17. Methods of emphasis

The term "emphasis " is often thought of in a limited sense as referring merely to the added vocal force applied to a word to give it prominence; but there are several means of emphasis, of which vocal force, or loudness, is perhaps the least important. The setting out of particular words is effected in several ways, namely: by Inflection, Change of Pitch,1 Pause, Force, and Prolongation of Accented Vowels.2

1 See pages 52-55, sections 10 and 11, for discussion of Inflection and Change of Pitch as means of emphasis.

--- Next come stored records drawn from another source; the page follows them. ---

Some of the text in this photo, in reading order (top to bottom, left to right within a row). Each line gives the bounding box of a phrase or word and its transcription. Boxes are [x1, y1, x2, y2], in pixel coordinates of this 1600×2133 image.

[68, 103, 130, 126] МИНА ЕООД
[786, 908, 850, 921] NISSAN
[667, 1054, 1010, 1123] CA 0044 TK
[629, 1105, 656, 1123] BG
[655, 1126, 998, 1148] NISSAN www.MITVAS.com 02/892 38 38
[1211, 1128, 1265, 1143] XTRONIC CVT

2 In ordinary, spirited utterance all these forms of emphasis frequently occur together on one word, and rarely is emphasis of a word confined to one form only. But in reading aloud and formal speaking there is a strong tendency to limit emphasis to one or two oft-repeated forms. This is one of the reasons why reading and public speaking often seem unnatural, stilted, or monotonous. In this chapter the different means of emphasis are considered separately in order to demonstrate that we do emphasize words in other ways than by force alone, and to offer exercise in each that may help to extend the use of all conversational means of emphasis to the expression of thought in reading aloud and formal public speaking.

1. Emphasis by pause. A word or phrase is often made emphatic by a pause, which pause may occur either before or after the word it sets out. Read aloud the lines quoted below from Longfellow's King Robert of Sicily, in which is described the action of the king when he finds himself imprisoned at night in the deserted church. First read the lines without pauses or very strict attention to their significance; then picture the situation, imagine the state of mind of the king as you describe his acts, read the sentence with definite pauses, as indicated by the dashes, and note how the pauses add emphasis and make the thought and situation clear and vivid.

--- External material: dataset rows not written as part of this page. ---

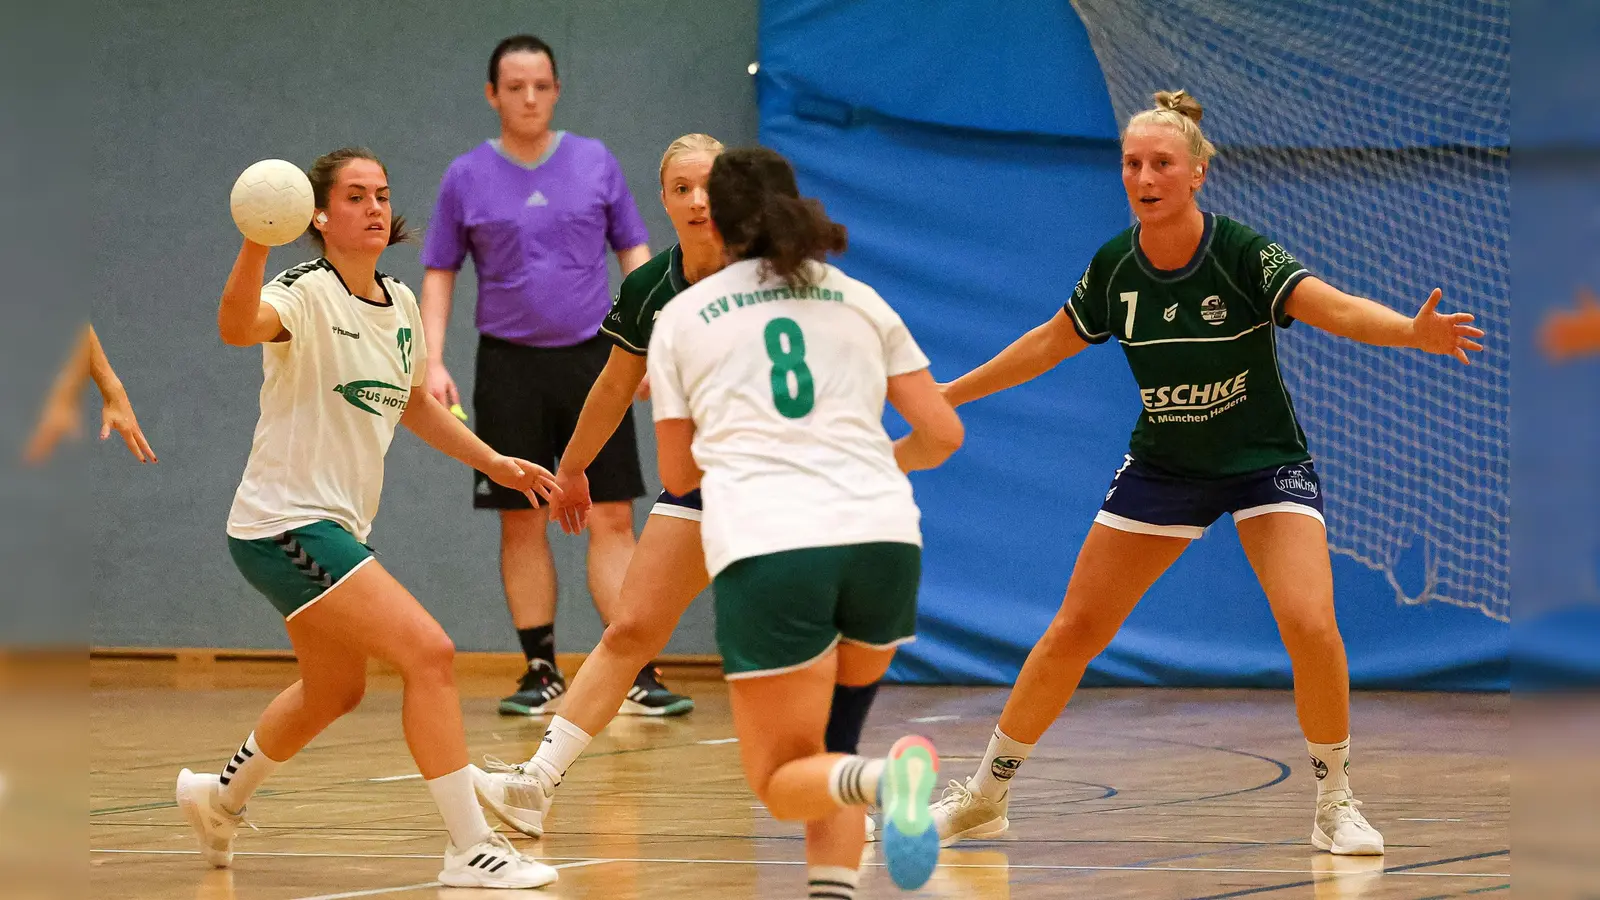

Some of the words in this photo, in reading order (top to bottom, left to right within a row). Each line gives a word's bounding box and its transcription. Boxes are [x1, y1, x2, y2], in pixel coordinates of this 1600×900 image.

[698, 296, 730, 324] TSV
[1119, 291, 1139, 339] 7
[763, 317, 816, 419] 8
[1158, 413, 1209, 424] München
[1210, 394, 1247, 418] Hadern

He groped towards the door, but it was locked; He cried aloud, — then listened, — and then knocked. In reading aloud, the value of pause is often ignored, chiefly because the thought value of words is ignored. When the thought of the printed page becomes the clear, vivid thought of the reader, and when the desire to communicate it is definite and strong, pauses are frequent and natural. Time given to words is one way of measuring the ideas they stand for. It also gives the speaker and the listener opportunity to consider what is spoken.

The quotations below offer good illustrations of emphatic pause.

And yet Scrooge, having his key in the lock of the door, saw in the knocker, without its undergoing any immediate process of change, not a knocker, but Marley's face.

Dickens: Christmas Carol.

And besides this, giving all diligence, add to your faithvirtue; and to virtue-knowledge; and to knowledge — temperance; and to temperance - patience; and to patience-godliness; and to godliness-brotherly kindness; and to brotherly kindness

charity."

II Peter, I.

2. Emphasis by vocal force. While the emphasis by pause seems to be more usually confined to particular words and phrases, vocal force, in conjunction with inflections, not only helps to make individual words emphatic, but it is also instrumental in showing the logical relation of interdependent ideas.2 Thus :

Whoever hath meant good work with his whole heart hath done good work, whether he lived to sign it or not.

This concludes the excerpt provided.